Track 3
Step into the AI-enabled Workplace of Tomorrow
IDC’s global Future of Work study shows that generative AI usage has jumped from 55% in 2023 to 75% in 2025, underlining how quickly AI copilots are becoming part of everyday work. As AI copilots become embedded in email, meetings, documents, chat, and search, knowledge work shifts from “creating from scratch” to reviewing, refining, and decision-making. Natural language interfaces replace traditional navigation, automating routine tasks and significantly reducing time spent on summarising and drafting.
This evolution raises performance expectations, prioritising judgement, quality, and speed over simple task execution. IDC’s 2026 FutureScape for the AI-enabled Future of Work predicts that by 2026, around 40% of roles in the G2000 will involve direct engagement with AI agents, fundamentally changing how entry, mid-level, and senior jobs are designed. Roles are reshaped as boundaries blur and handoffs diminish, requiring employees to develop new skills like prompt literacy and critical evaluation of AI outputs.
Without targeted training, productivity gaps may widen between AI-fluent employees and others, while over-reliance on AI risks undermining core competencies.
The emergence of AI-enabled PCs further accelerates this shift, providing on-device processing power to support copilots, real-time transcription, summarisation, and intelligent assistance directly at the edge. By running more AI workloads locally, organisations can achieve improved performance, lower latency, enhanced privacy, and reduced reliance on constant cloud connectivity. However, market demand for AI PCs is currently constrained by global memory and high-performance chip supply limitations, which may slow large-scale refresh cycles and necessitate careful planning of deployment and investment strategies.
In this session, delegates will learn to integrate AI into their workflows and develop essential skills for an AI-driven environment. They’ll explore strategies for building trust and governance around AI systems. Additionally, delegates can connect with partners to discover the latest innovations in AI-enabled PCs, gain insights into practical AI applications, and establish a foundation that drives long-term resilience and success.
Meike Escherich
Meike Escherich is an associate research director with IDC’s European Future of Work research service, based in the UK. In this role, she provides coverage of key technology trends across the Future of Work, specializing in how to drive and monitor productivity in a flexible work environment. This includes research into workforce management, agile performance measures, employee engagement/innovation programs and AI driven wellness solutions.
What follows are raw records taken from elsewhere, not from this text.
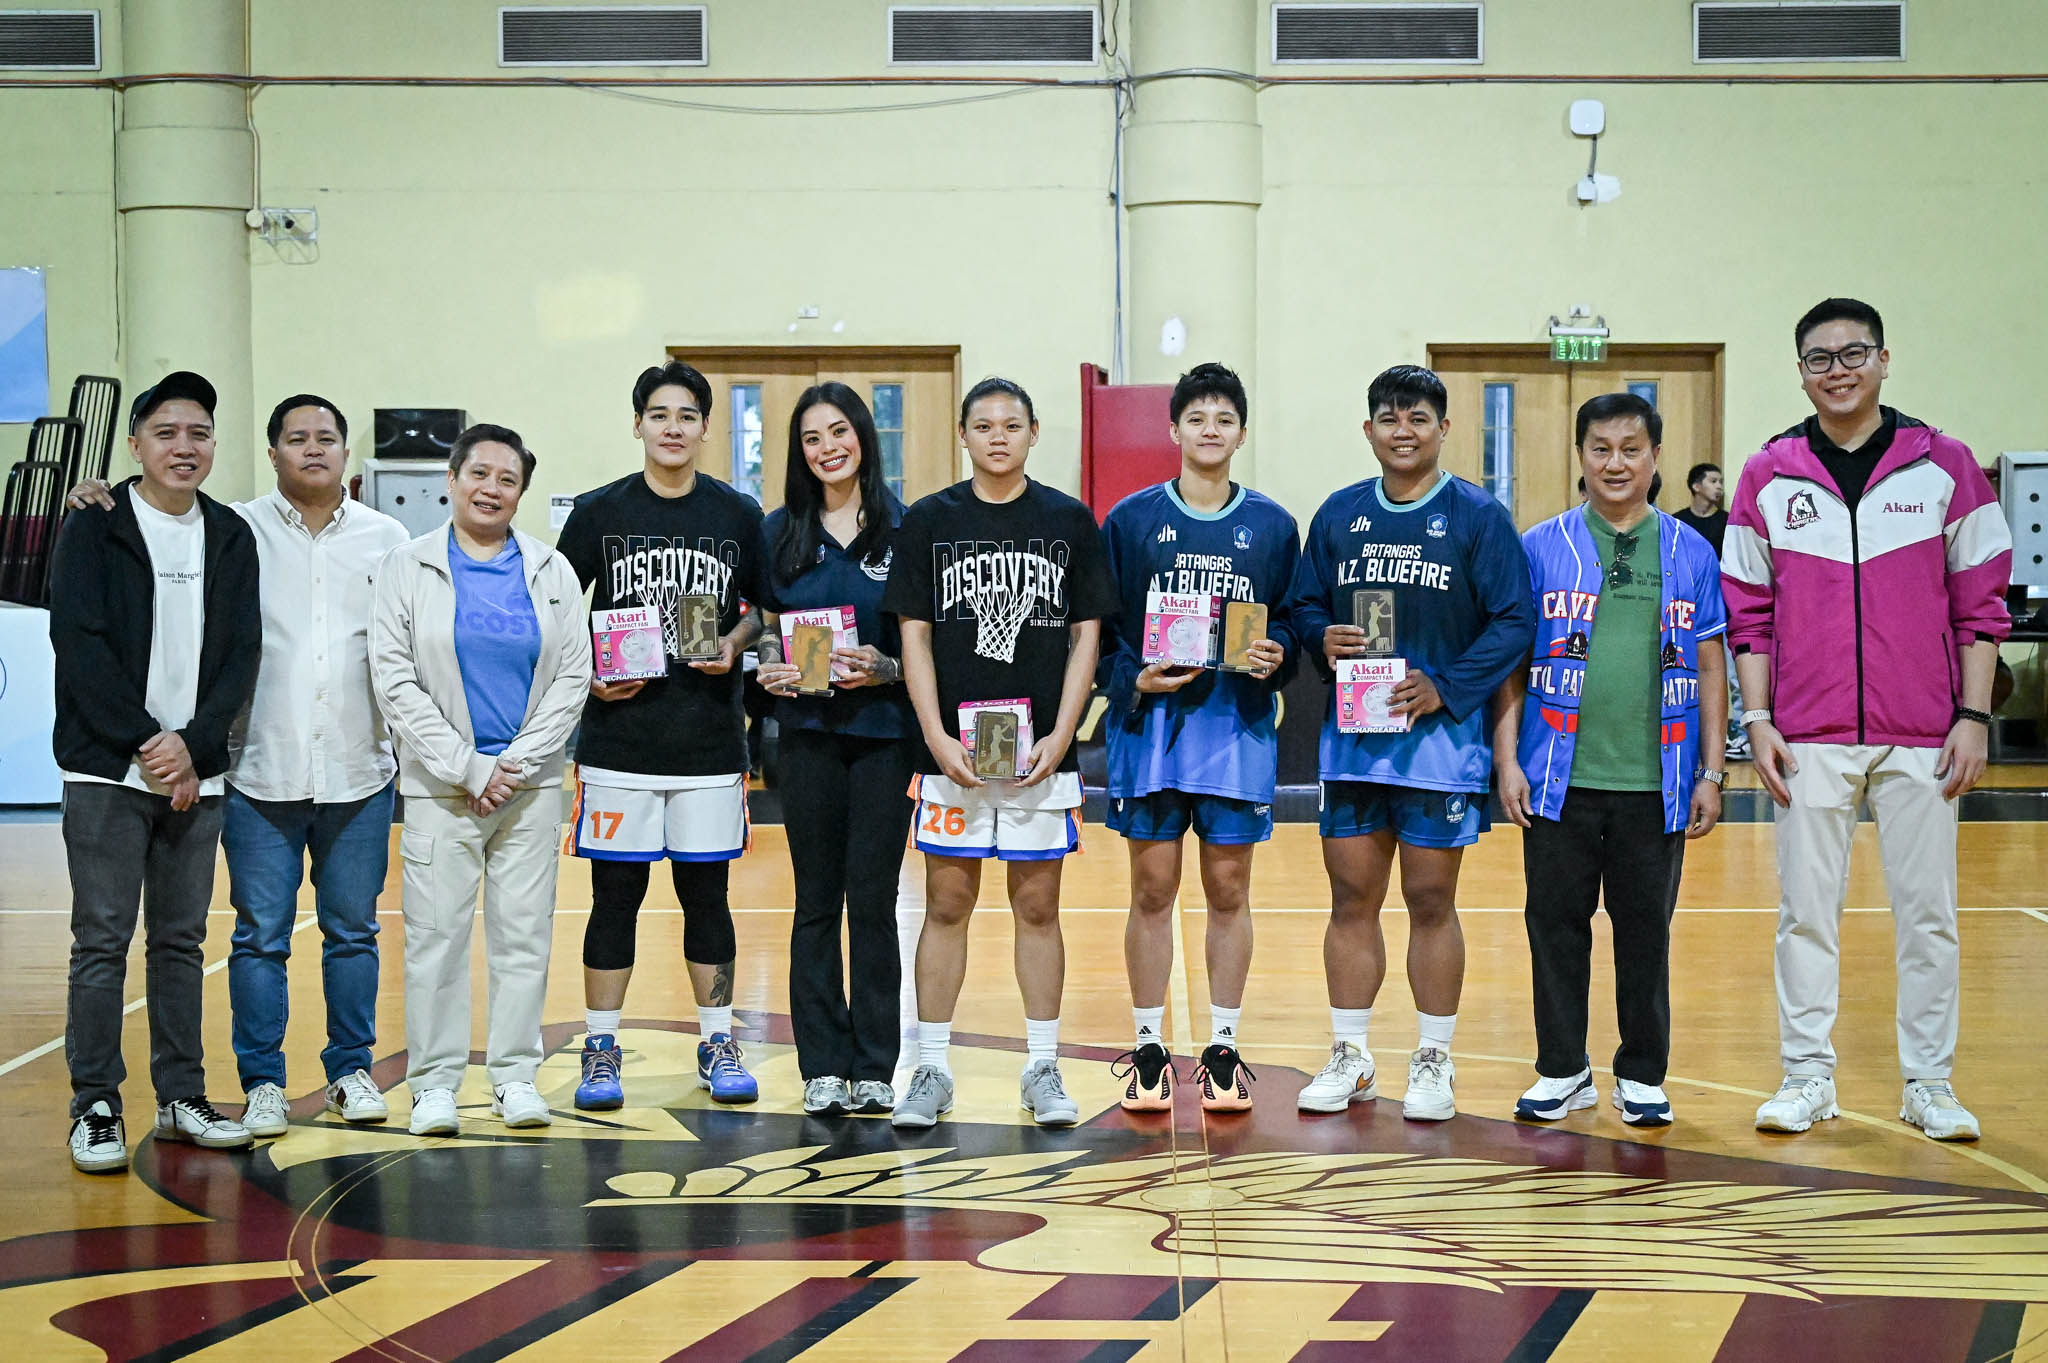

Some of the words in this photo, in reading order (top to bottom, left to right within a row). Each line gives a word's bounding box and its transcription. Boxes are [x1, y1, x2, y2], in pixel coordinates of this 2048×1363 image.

[1556, 337, 1601, 360] EXIT
[1883, 502, 1924, 513] Akari
[1361, 543, 1422, 559] BATANGAS
[612, 548, 732, 607] DISCOVERY
[942, 552, 1065, 611] DISCOVERY
[1338, 559, 1360, 587] N.Z.
[1365, 558, 1452, 591] BLUEFIRE
[1160, 594, 1198, 608] Akari
[606, 610, 647, 624] Akari
[794, 613, 830, 625] Akari
[1030, 619, 1048, 627] SINCE
[1144, 657, 1202, 667] RECGEABLE
[1351, 662, 1392, 675] Akari
[601, 672, 663, 682] RECHARGEABLE
[590, 811, 624, 840] 17
[922, 803, 966, 836] 26
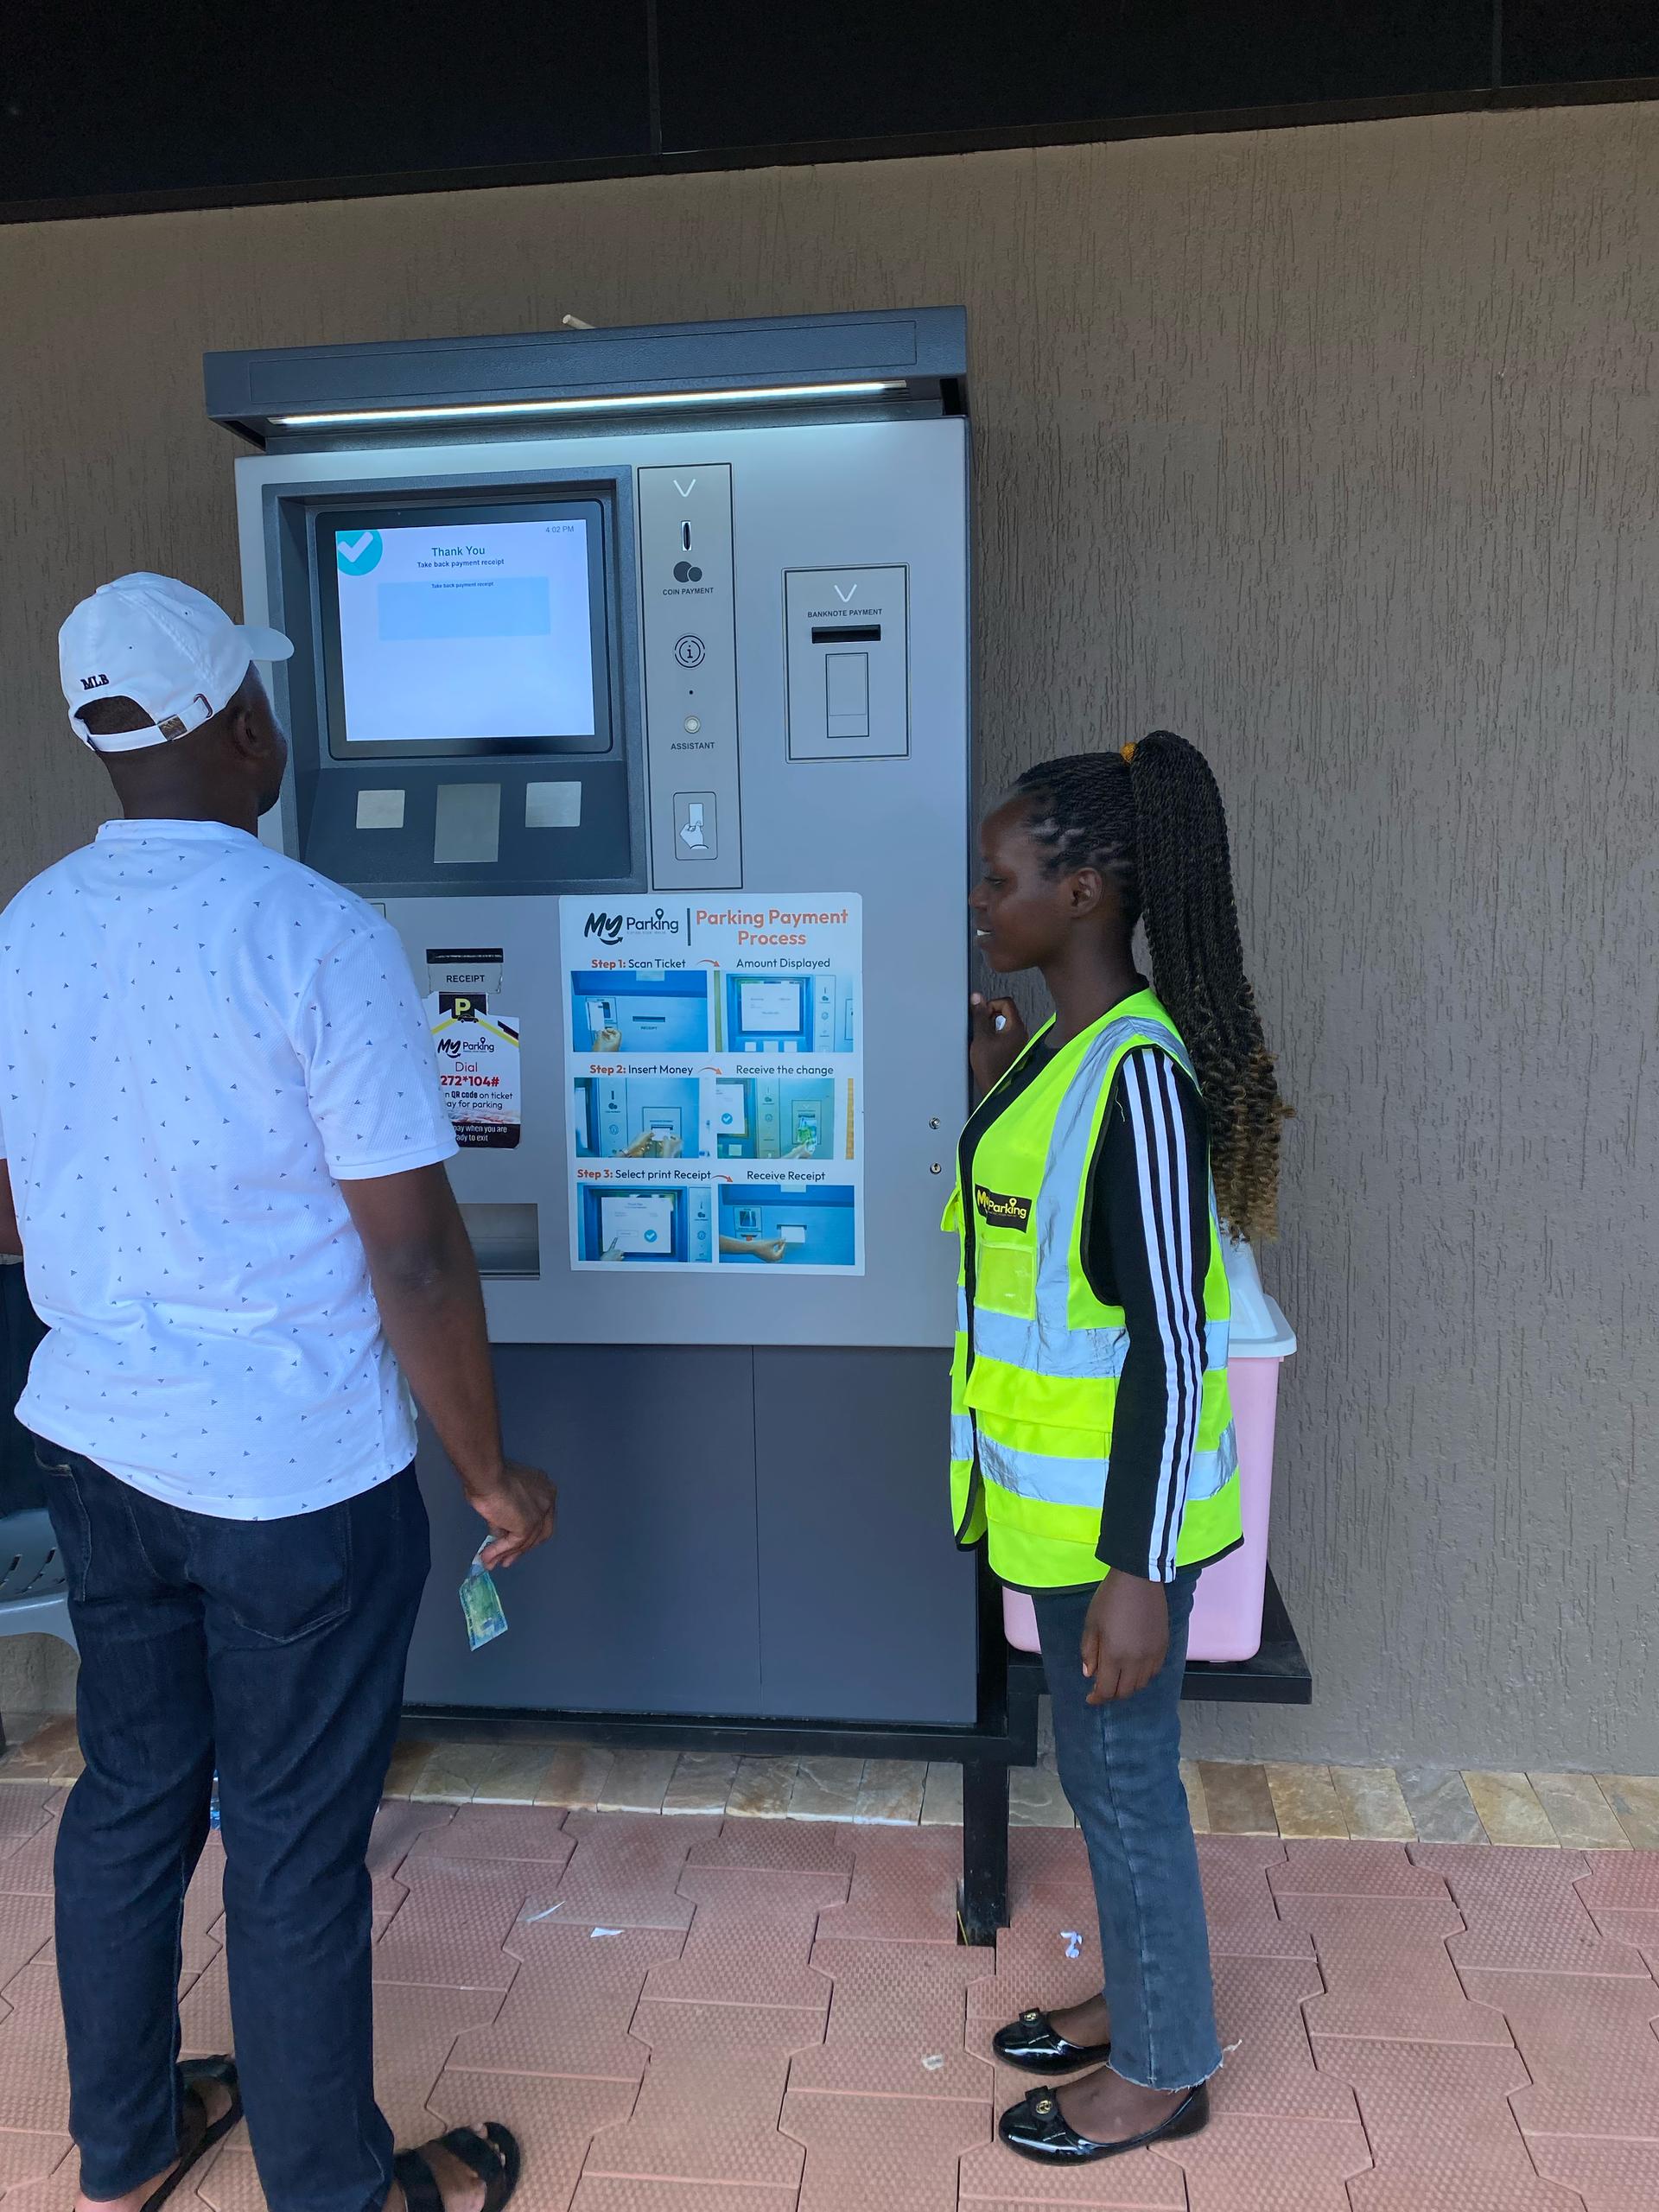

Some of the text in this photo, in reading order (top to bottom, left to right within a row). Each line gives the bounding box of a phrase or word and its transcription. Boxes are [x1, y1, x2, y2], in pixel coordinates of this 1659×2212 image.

[563, 524, 575, 533] PM
[431, 545, 486, 557] Thank You
[451, 559, 480, 569] payment
[481, 558, 505, 568] receipt
[807, 608, 882, 619] BANKNOTE PAYMENT
[80, 674, 110, 690] MLB
[584, 908, 679, 938] My Parking
[696, 908, 849, 929] Parking Payment
[738, 931, 807, 946] Process
[591, 958, 686, 971] Step 1: Scan Ticket
[736, 957, 830, 970] Amount Displayed
[454, 997, 471, 1016] P
[437, 1037, 494, 1054] My Parking
[455, 1062, 478, 1072] Dial
[589, 1065, 693, 1077] Step 2: Insert Money
[736, 1065, 834, 1077] Receive the change
[451, 1090, 461, 1099] QR
[461, 1090, 478, 1099] code
[491, 1091, 513, 1100] ticket
[473, 1101, 503, 1110] parking
[484, 1125, 496, 1134] you
[577, 1169, 711, 1182] Step 3: Select print Receipt
[747, 1171, 825, 1182] Receive Receipt
[988, 1198, 1027, 1219] Parking
Prior to joining IDC, Meike was a Principal Analyst at Gartner (20 years) – covering Personal Computing, IT Services and Consumer Technologies – and a freelance consultant working with several UK analyst firms and international technology providers (3 years). An expert at identifying and solving strategic pain points Meike has worked with C-level executives across a multitude of industries such as IT, Education, Government, Health, Media, and Finance.
Having studied in Germany (University of Konstanz), Switzerland (University of Geneva, ERASMUS) and the UK (University of Exeter, ERASMUS) Meike holds a bachelor’s degree in Law as well as a master’s degree in Clinical Psychology.